Work order: Please quote the material exactly, every line of it.

BEGIN

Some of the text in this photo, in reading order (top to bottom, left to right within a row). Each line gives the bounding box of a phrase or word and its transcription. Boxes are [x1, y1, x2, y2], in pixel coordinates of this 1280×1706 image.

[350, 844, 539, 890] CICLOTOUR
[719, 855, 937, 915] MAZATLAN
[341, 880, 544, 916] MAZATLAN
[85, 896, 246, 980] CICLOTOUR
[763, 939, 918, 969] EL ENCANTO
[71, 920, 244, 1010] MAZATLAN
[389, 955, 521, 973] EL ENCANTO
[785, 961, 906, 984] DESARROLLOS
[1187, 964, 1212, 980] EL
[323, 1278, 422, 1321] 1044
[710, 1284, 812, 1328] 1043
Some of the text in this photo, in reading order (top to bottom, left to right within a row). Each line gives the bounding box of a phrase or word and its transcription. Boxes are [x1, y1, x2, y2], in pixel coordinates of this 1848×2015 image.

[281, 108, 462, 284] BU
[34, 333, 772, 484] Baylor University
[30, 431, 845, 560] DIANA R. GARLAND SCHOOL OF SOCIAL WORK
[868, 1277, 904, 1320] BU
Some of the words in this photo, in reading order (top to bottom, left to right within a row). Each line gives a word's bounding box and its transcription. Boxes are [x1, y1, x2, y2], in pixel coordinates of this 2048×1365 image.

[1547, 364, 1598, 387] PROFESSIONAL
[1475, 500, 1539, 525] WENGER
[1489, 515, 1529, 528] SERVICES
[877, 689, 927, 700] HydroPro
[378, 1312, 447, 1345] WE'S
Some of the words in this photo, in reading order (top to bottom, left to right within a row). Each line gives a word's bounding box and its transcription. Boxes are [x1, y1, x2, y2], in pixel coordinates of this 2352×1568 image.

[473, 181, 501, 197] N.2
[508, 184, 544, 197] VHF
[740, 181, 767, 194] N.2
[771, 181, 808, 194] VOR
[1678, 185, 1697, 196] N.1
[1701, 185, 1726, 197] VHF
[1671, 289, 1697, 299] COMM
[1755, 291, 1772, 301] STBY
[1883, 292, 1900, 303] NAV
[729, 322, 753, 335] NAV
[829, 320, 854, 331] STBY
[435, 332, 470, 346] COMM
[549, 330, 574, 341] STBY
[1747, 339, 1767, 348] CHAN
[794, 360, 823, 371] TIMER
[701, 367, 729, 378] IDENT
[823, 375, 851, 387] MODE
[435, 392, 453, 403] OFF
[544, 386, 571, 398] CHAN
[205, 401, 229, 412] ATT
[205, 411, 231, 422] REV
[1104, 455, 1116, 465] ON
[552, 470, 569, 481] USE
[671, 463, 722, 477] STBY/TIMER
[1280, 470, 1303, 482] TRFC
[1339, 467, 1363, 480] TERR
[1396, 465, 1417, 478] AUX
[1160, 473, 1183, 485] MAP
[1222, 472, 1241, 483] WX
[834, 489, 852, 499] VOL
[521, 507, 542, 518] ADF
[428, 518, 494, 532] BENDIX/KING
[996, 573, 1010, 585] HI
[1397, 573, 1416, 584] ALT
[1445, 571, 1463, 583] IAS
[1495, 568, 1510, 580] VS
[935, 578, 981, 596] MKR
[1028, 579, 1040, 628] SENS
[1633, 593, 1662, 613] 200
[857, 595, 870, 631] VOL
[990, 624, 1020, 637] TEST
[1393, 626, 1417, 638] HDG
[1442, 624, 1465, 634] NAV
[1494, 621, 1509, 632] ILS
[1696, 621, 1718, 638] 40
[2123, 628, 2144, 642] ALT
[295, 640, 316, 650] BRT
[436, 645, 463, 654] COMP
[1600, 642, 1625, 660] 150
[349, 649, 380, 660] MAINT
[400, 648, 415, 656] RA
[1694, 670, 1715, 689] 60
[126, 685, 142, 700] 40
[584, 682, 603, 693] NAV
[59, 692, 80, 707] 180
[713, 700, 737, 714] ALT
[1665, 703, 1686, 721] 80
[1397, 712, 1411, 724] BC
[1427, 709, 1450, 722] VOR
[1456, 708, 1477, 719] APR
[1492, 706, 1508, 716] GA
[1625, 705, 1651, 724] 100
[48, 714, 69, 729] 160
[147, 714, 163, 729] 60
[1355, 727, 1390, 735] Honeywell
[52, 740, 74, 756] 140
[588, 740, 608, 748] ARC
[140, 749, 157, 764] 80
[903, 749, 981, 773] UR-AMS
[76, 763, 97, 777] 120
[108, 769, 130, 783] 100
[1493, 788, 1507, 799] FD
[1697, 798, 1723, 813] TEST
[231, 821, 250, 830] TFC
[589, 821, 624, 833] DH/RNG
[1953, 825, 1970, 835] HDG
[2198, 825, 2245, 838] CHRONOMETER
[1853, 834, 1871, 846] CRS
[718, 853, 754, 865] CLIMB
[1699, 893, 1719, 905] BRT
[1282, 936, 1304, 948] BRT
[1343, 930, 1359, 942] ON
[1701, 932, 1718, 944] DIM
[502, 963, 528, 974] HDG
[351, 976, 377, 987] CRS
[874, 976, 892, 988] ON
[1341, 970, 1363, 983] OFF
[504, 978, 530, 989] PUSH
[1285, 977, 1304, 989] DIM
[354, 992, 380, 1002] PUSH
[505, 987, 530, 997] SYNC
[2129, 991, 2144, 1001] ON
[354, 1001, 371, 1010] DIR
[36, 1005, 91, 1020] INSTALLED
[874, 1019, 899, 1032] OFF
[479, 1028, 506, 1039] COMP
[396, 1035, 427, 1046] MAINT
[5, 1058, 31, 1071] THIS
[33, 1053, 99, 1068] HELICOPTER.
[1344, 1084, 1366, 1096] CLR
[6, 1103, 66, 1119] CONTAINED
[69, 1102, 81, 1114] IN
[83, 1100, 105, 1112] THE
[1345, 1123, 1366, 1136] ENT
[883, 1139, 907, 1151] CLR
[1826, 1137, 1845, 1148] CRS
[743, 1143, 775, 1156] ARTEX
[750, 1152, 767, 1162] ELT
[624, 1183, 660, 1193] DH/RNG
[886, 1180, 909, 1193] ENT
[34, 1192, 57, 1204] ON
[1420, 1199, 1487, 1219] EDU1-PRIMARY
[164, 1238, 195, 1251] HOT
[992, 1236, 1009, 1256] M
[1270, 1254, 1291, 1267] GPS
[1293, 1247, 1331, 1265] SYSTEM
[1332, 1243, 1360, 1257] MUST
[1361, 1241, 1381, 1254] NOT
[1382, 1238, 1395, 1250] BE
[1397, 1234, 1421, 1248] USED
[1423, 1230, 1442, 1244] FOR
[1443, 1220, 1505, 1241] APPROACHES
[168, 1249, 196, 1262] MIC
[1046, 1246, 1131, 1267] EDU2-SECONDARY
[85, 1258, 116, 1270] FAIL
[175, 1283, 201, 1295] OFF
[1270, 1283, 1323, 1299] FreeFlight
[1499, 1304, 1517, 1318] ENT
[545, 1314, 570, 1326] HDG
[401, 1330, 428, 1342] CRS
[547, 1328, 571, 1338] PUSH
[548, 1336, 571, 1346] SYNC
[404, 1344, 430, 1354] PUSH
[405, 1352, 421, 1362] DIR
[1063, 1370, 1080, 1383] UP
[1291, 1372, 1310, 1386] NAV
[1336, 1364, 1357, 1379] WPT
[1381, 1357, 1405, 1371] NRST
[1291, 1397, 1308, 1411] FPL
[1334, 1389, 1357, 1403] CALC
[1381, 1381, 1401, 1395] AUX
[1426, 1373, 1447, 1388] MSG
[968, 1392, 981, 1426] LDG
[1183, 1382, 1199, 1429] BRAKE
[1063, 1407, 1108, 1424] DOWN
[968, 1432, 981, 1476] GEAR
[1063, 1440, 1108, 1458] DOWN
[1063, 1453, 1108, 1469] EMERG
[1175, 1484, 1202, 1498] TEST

END

Result for this task:
Some of the text in this photo, in reading order (top to bottom, left to right within a row). Each line gives the bounding box of a phrase or word and its transcription. Boxes are [x1, y1, x2, y2], in pixel coordinates of this 1280×1706 image.

[350, 844, 539, 890] CICLOTOUR
[719, 855, 937, 915] MAZATLAN
[341, 880, 544, 916] MAZATLAN
[85, 896, 246, 980] CICLOTOUR
[763, 939, 918, 969] EL ENCANTO
[71, 920, 244, 1010] MAZATLAN
[389, 955, 521, 973] EL ENCANTO
[785, 961, 906, 984] DESARROLLOS
[1187, 964, 1212, 980] EL
[323, 1278, 422, 1321] 1044
[710, 1284, 812, 1328] 1043
Some of the text in this photo, in reading order (top to bottom, left to right within a row). Each line gives the bounding box of a phrase or word and its transcription. Boxes are [x1, y1, x2, y2], in pixel coordinates of this 1848×2015 image.

[281, 108, 462, 284] BU
[34, 333, 772, 484] Baylor University
[30, 431, 845, 560] DIANA R. GARLAND SCHOOL OF SOCIAL WORK
[868, 1277, 904, 1320] BU
Some of the words in this photo, in reading order (top to bottom, left to right within a row). Each line gives a word's bounding box and its transcription. Boxes are [x1, y1, x2, y2], in pixel coordinates of this 2048×1365 image.

[1547, 364, 1598, 387] PROFESSIONAL
[1475, 500, 1539, 525] WENGER
[1489, 515, 1529, 528] SERVICES
[877, 689, 927, 700] HydroPro
[378, 1312, 447, 1345] WE'S
Some of the words in this photo, in reading order (top to bottom, left to right within a row). Each line gives a word's bounding box and its transcription. Boxes are [x1, y1, x2, y2], in pixel coordinates of this 2352×1568 image.

[473, 181, 501, 197] N.2
[508, 184, 544, 197] VHF
[740, 181, 767, 194] N.2
[771, 181, 808, 194] VOR
[1678, 185, 1697, 196] N.1
[1701, 185, 1726, 197] VHF
[1671, 289, 1697, 299] COMM
[1755, 291, 1772, 301] STBY
[1883, 292, 1900, 303] NAV
[729, 322, 753, 335] NAV
[829, 320, 854, 331] STBY
[435, 332, 470, 346] COMM
[549, 330, 574, 341] STBY
[1747, 339, 1767, 348] CHAN
[794, 360, 823, 371] TIMER
[701, 367, 729, 378] IDENT
[823, 375, 851, 387] MODE
[435, 392, 453, 403] OFF
[544, 386, 571, 398] CHAN
[205, 401, 229, 412] ATT
[205, 411, 231, 422] REV
[1104, 455, 1116, 465] ON
[552, 470, 569, 481] USE
[671, 463, 722, 477] STBY/TIMER
[1280, 470, 1303, 482] TRFC
[1339, 467, 1363, 480] TERR
[1396, 465, 1417, 478] AUX
[1160, 473, 1183, 485] MAP
[1222, 472, 1241, 483] WX
[834, 489, 852, 499] VOL
[521, 507, 542, 518] ADF
[428, 518, 494, 532] BENDIX/KING
[996, 573, 1010, 585] HI
[1397, 573, 1416, 584] ALT
[1445, 571, 1463, 583] IAS
[1495, 568, 1510, 580] VS
[935, 578, 981, 596] MKR
[1028, 579, 1040, 628] SENS
[1633, 593, 1662, 613] 200
[857, 595, 870, 631] VOL
[990, 624, 1020, 637] TEST
[1393, 626, 1417, 638] HDG
[1442, 624, 1465, 634] NAV
[1494, 621, 1509, 632] ILS
[1696, 621, 1718, 638] 40
[2123, 628, 2144, 642] ALT
[295, 640, 316, 650] BRT
[436, 645, 463, 654] COMP
[1600, 642, 1625, 660] 150
[349, 649, 380, 660] MAINT
[400, 648, 415, 656] RA
[1694, 670, 1715, 689] 60
[126, 685, 142, 700] 40
[584, 682, 603, 693] NAV
[59, 692, 80, 707] 180
[713, 700, 737, 714] ALT
[1665, 703, 1686, 721] 80
[1397, 712, 1411, 724] BC
[1427, 709, 1450, 722] VOR
[1456, 708, 1477, 719] APR
[1492, 706, 1508, 716] GA
[1625, 705, 1651, 724] 100
[48, 714, 69, 729] 160
[147, 714, 163, 729] 60
[1355, 727, 1390, 735] Honeywell
[52, 740, 74, 756] 140
[588, 740, 608, 748] ARC
[140, 749, 157, 764] 80
[903, 749, 981, 773] UR-AMS
[76, 763, 97, 777] 120
[108, 769, 130, 783] 100
[1493, 788, 1507, 799] FD
[1697, 798, 1723, 813] TEST
[231, 821, 250, 830] TFC
[589, 821, 624, 833] DH/RNG
[1953, 825, 1970, 835] HDG
[2198, 825, 2245, 838] CHRONOMETER
[1853, 834, 1871, 846] CRS
[718, 853, 754, 865] CLIMB
[1699, 893, 1719, 905] BRT
[1282, 936, 1304, 948] BRT
[1343, 930, 1359, 942] ON
[1701, 932, 1718, 944] DIM
[502, 963, 528, 974] HDG
[351, 976, 377, 987] CRS
[874, 976, 892, 988] ON
[1341, 970, 1363, 983] OFF
[504, 978, 530, 989] PUSH
[1285, 977, 1304, 989] DIM
[354, 992, 380, 1002] PUSH
[505, 987, 530, 997] SYNC
[2129, 991, 2144, 1001] ON
[354, 1001, 371, 1010] DIR
[36, 1005, 91, 1020] INSTALLED
[874, 1019, 899, 1032] OFF
[479, 1028, 506, 1039] COMP
[396, 1035, 427, 1046] MAINT
[5, 1058, 31, 1071] THIS
[33, 1053, 99, 1068] HELICOPTER.
[1344, 1084, 1366, 1096] CLR
[6, 1103, 66, 1119] CONTAINED
[69, 1102, 81, 1114] IN
[83, 1100, 105, 1112] THE
[1345, 1123, 1366, 1136] ENT
[883, 1139, 907, 1151] CLR
[1826, 1137, 1845, 1148] CRS
[743, 1143, 775, 1156] ARTEX
[750, 1152, 767, 1162] ELT
[624, 1183, 660, 1193] DH/RNG
[886, 1180, 909, 1193] ENT
[34, 1192, 57, 1204] ON
[1420, 1199, 1487, 1219] EDU1-PRIMARY
[164, 1238, 195, 1251] HOT
[992, 1236, 1009, 1256] M
[1270, 1254, 1291, 1267] GPS
[1293, 1247, 1331, 1265] SYSTEM
[1332, 1243, 1360, 1257] MUST
[1361, 1241, 1381, 1254] NOT
[1382, 1238, 1395, 1250] BE
[1397, 1234, 1421, 1248] USED
[1423, 1230, 1442, 1244] FOR
[1443, 1220, 1505, 1241] APPROACHES
[168, 1249, 196, 1262] MIC
[1046, 1246, 1131, 1267] EDU2-SECONDARY
[85, 1258, 116, 1270] FAIL
[175, 1283, 201, 1295] OFF
[1270, 1283, 1323, 1299] FreeFlight
[1499, 1304, 1517, 1318] ENT
[545, 1314, 570, 1326] HDG
[401, 1330, 428, 1342] CRS
[547, 1328, 571, 1338] PUSH
[548, 1336, 571, 1346] SYNC
[404, 1344, 430, 1354] PUSH
[405, 1352, 421, 1362] DIR
[1063, 1370, 1080, 1383] UP
[1291, 1372, 1310, 1386] NAV
[1336, 1364, 1357, 1379] WPT
[1381, 1357, 1405, 1371] NRST
[1291, 1397, 1308, 1411] FPL
[1334, 1389, 1357, 1403] CALC
[1381, 1381, 1401, 1395] AUX
[1426, 1373, 1447, 1388] MSG
[968, 1392, 981, 1426] LDG
[1183, 1382, 1199, 1429] BRAKE
[1063, 1407, 1108, 1424] DOWN
[968, 1432, 981, 1476] GEAR
[1063, 1440, 1108, 1458] DOWN
[1063, 1453, 1108, 1469] EMERG
[1175, 1484, 1202, 1498] TEST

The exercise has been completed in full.